** Opening Dataset records block **

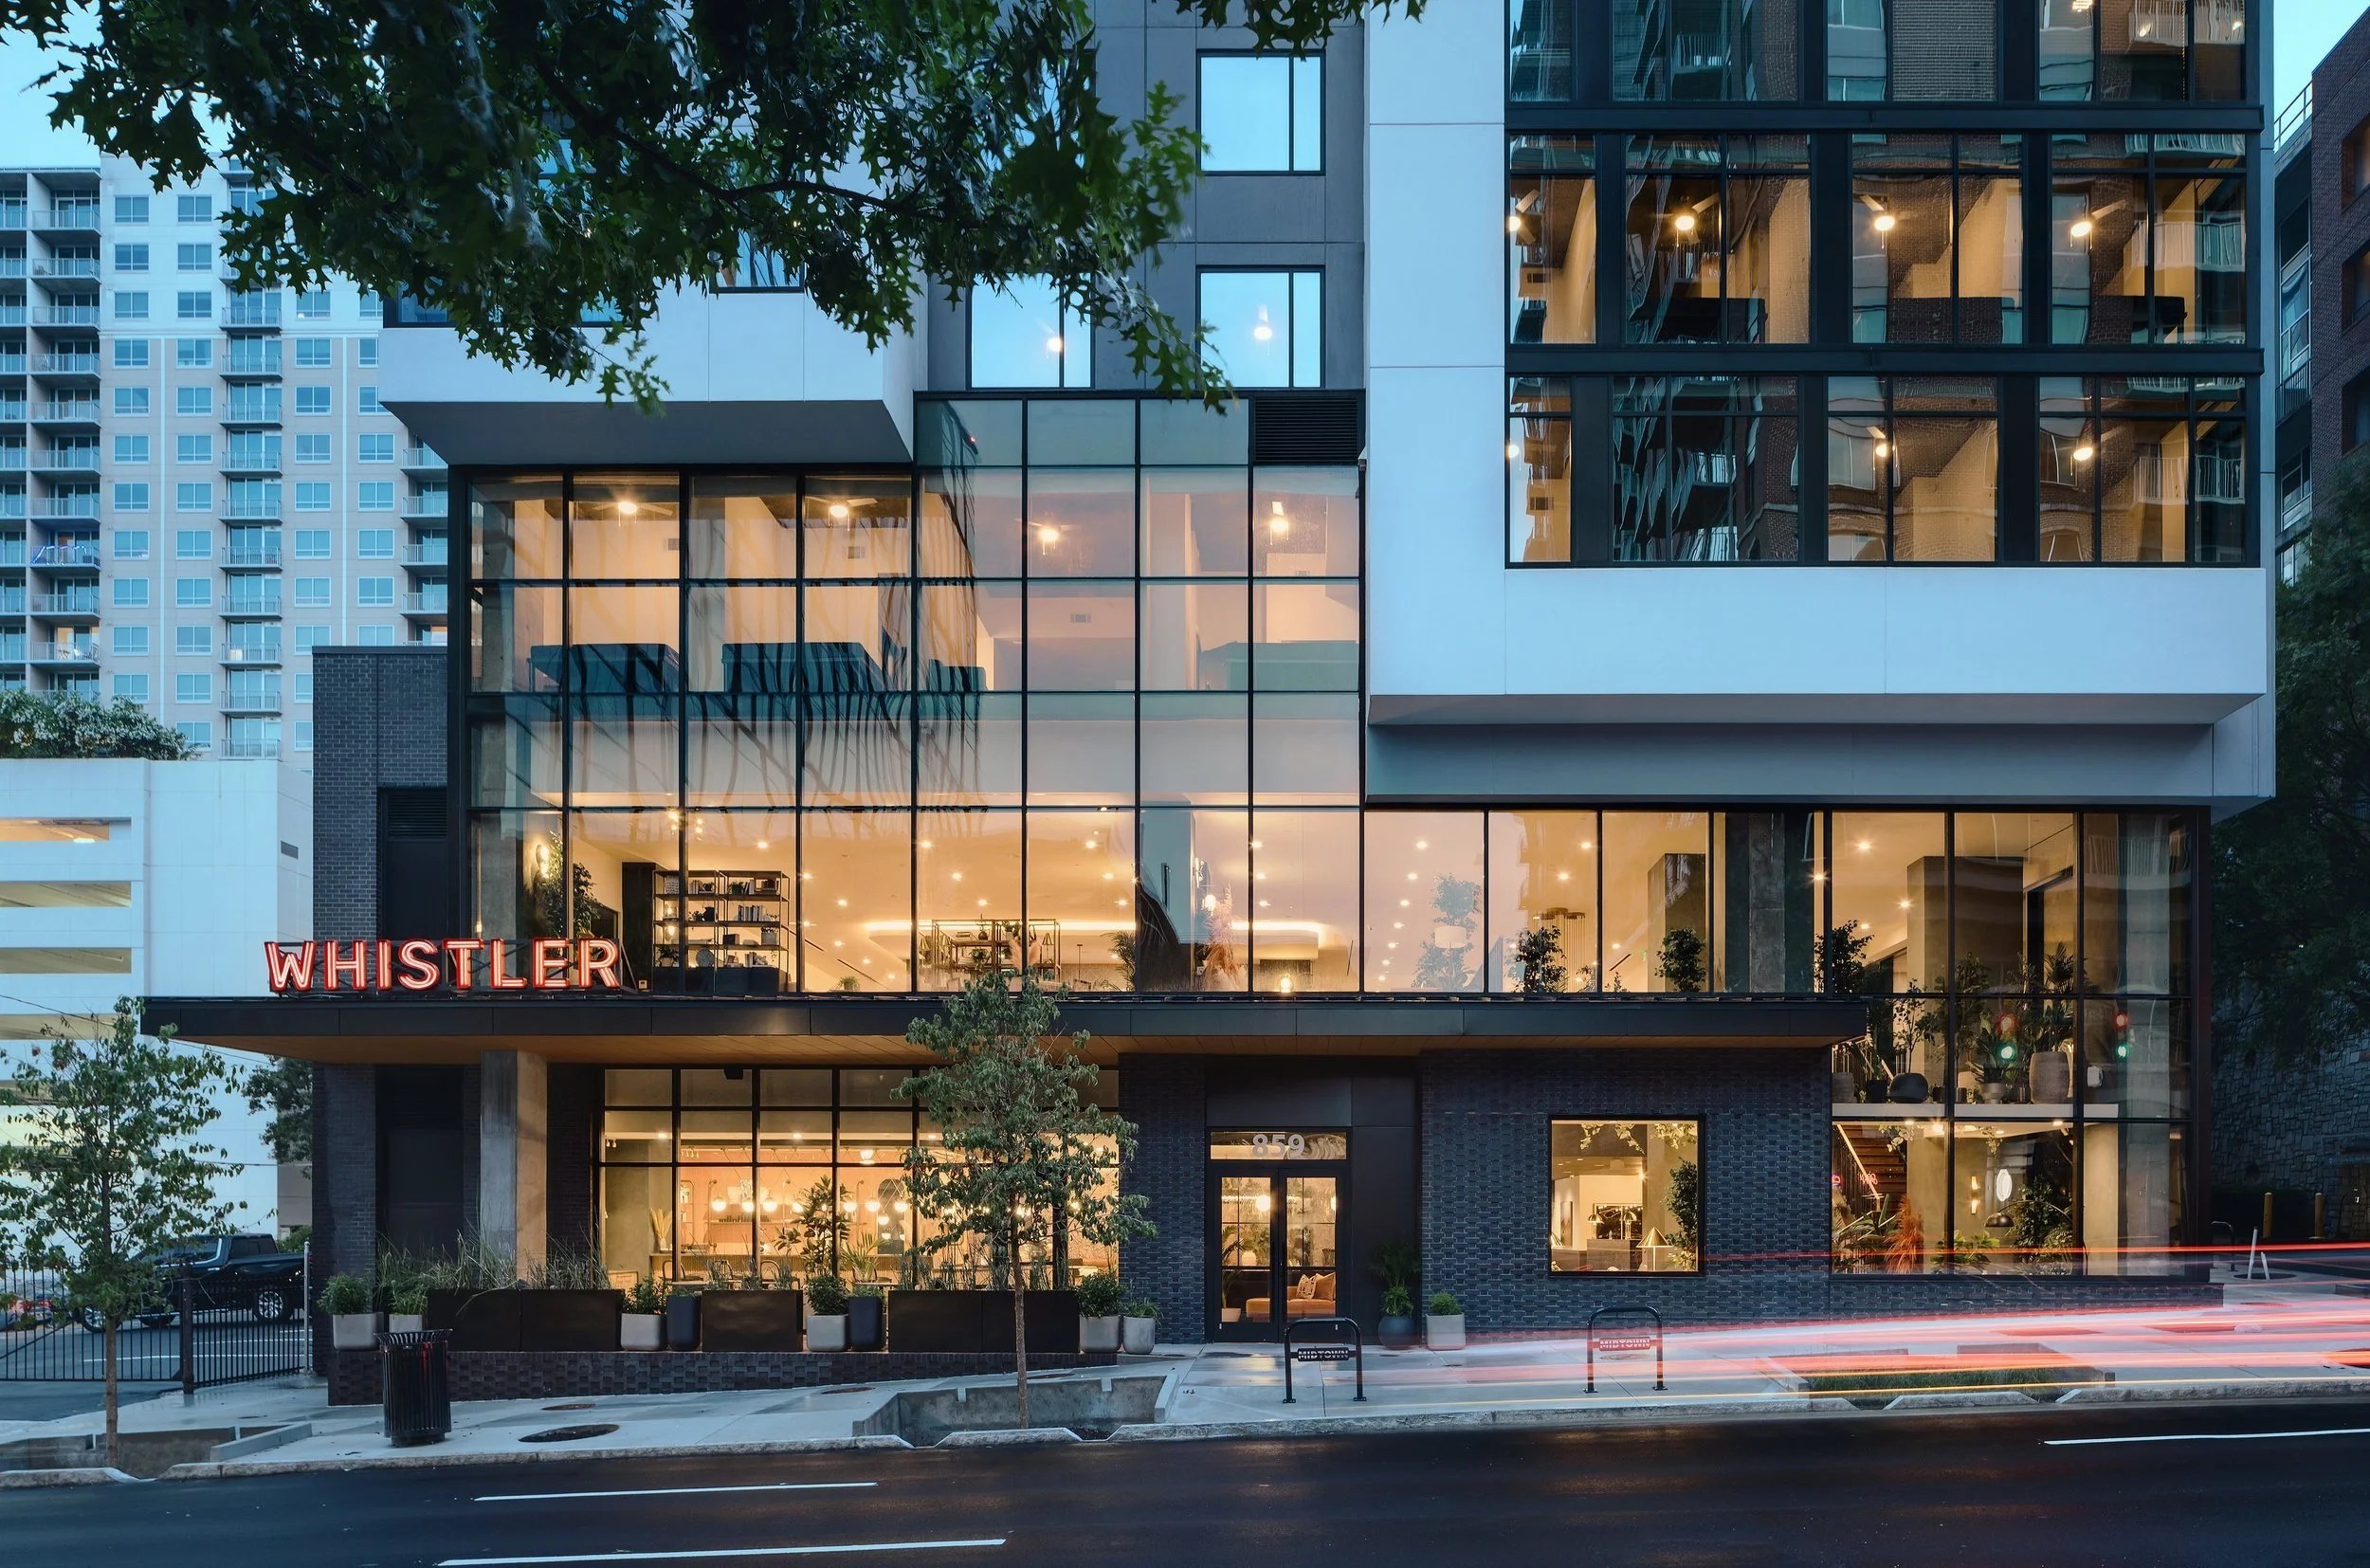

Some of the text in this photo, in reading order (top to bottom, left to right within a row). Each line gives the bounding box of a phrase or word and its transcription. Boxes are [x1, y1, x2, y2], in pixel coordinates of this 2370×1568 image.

[264, 938, 622, 991] WHISTLER
[1251, 1133, 1305, 1159] 859
[1600, 1340, 1650, 1349] MIDTOWN
[1298, 1350, 1349, 1359] MIDTOWN
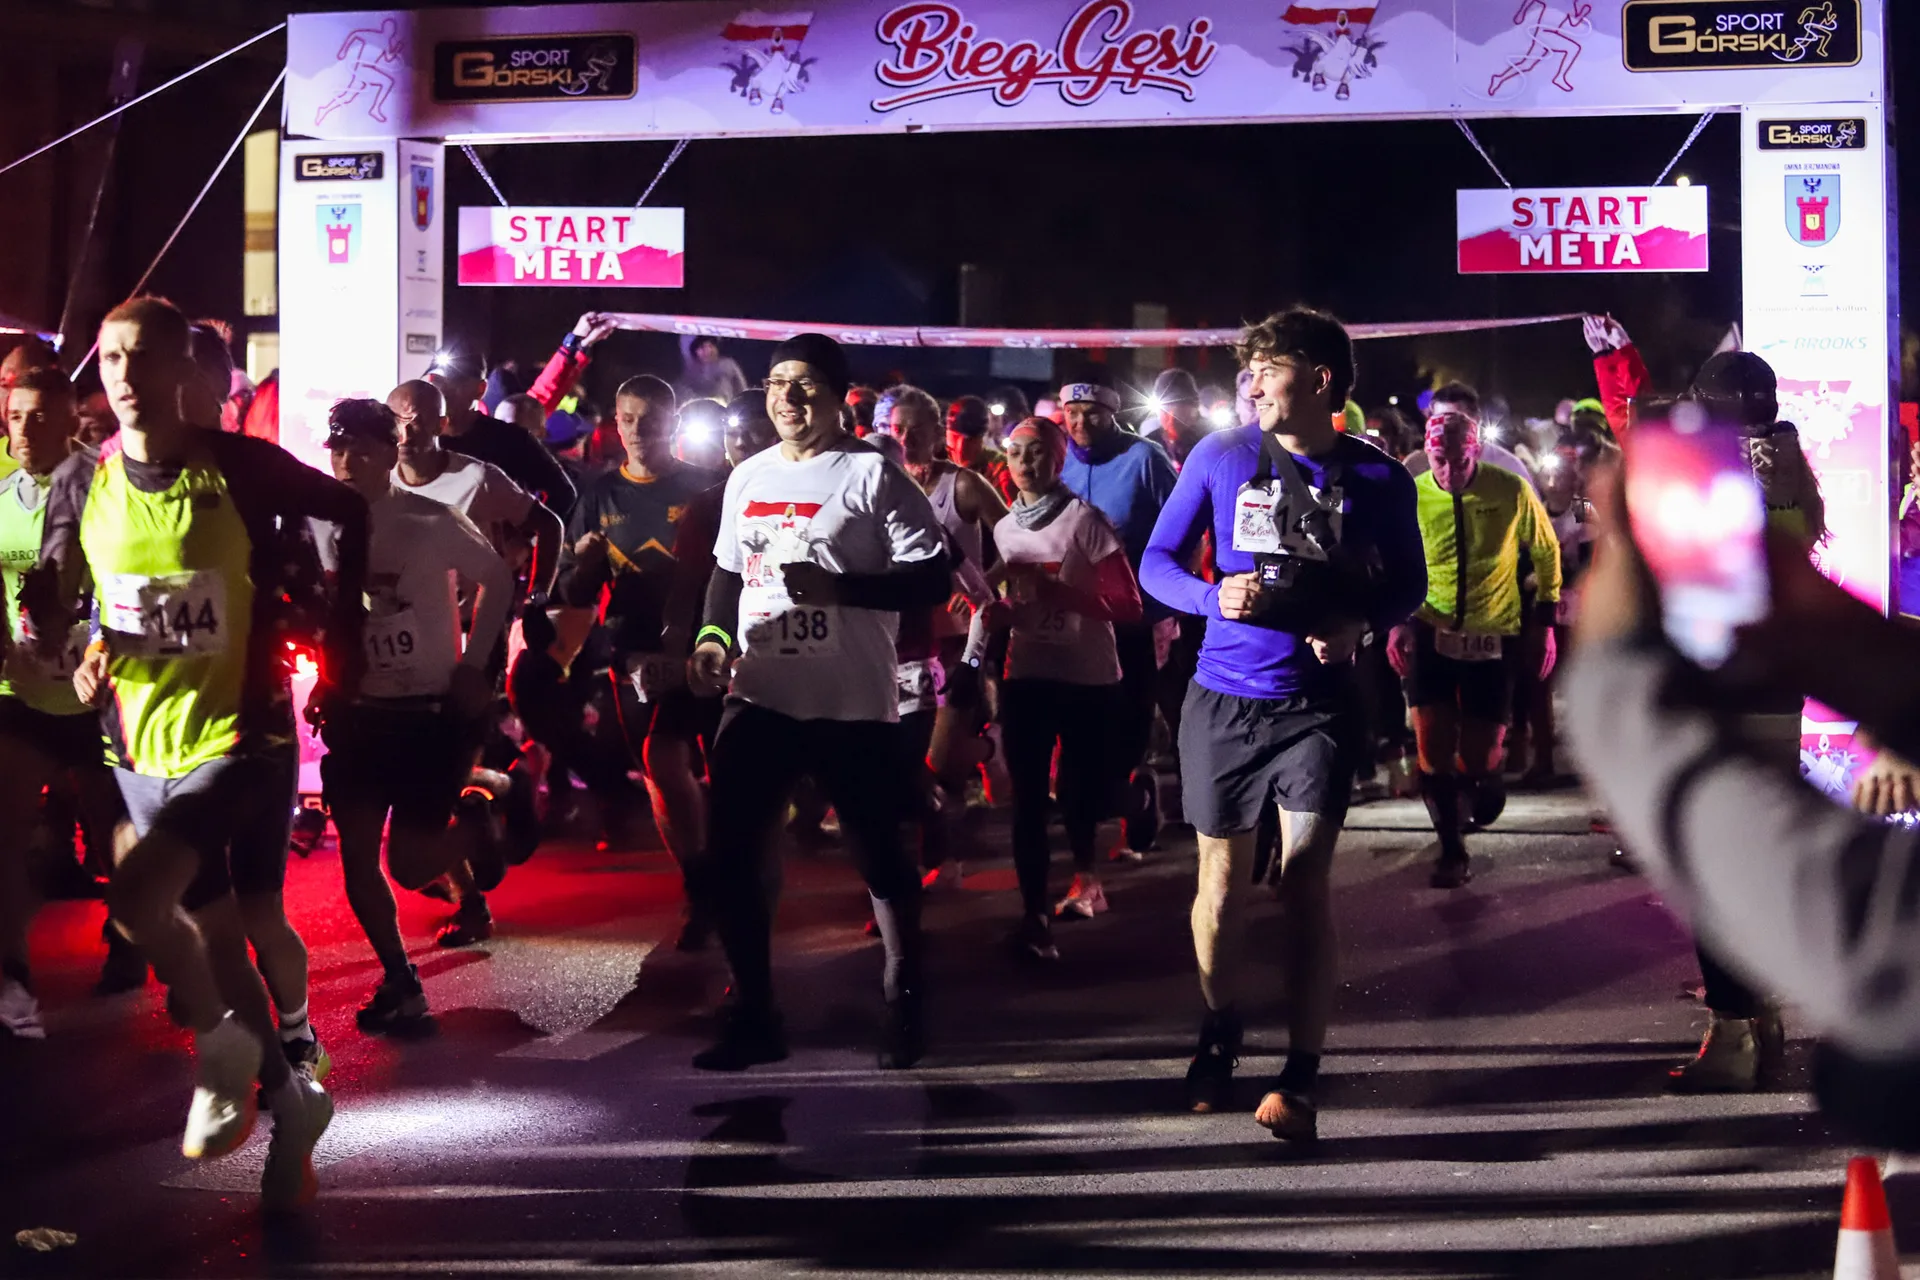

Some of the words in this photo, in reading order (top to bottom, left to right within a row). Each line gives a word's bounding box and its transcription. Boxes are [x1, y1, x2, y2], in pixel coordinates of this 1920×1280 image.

** Closing Dataset records block **

* [Work to complete] Print the material above once more, exactly. No pictures belong in it.

* [Solution]
Some of the text in this photo, in reading order (top to bottom, left to right within a row). Each line gives the bounding box of a phrase or word and its transcription. Boxes are [x1, y1, x2, y2], in pixel coordinates of this 2370×1568 image.

[264, 938, 622, 991] WHISTLER
[1251, 1133, 1305, 1159] 859
[1600, 1340, 1650, 1349] MIDTOWN
[1298, 1350, 1349, 1359] MIDTOWN

Some of the words in this photo, in reading order (top to bottom, left to right within a row). Each line gives a word's bounding box and its transcription. Boxes are [x1, y1, x2, y2], in pixel coordinates of this 1920×1280 image.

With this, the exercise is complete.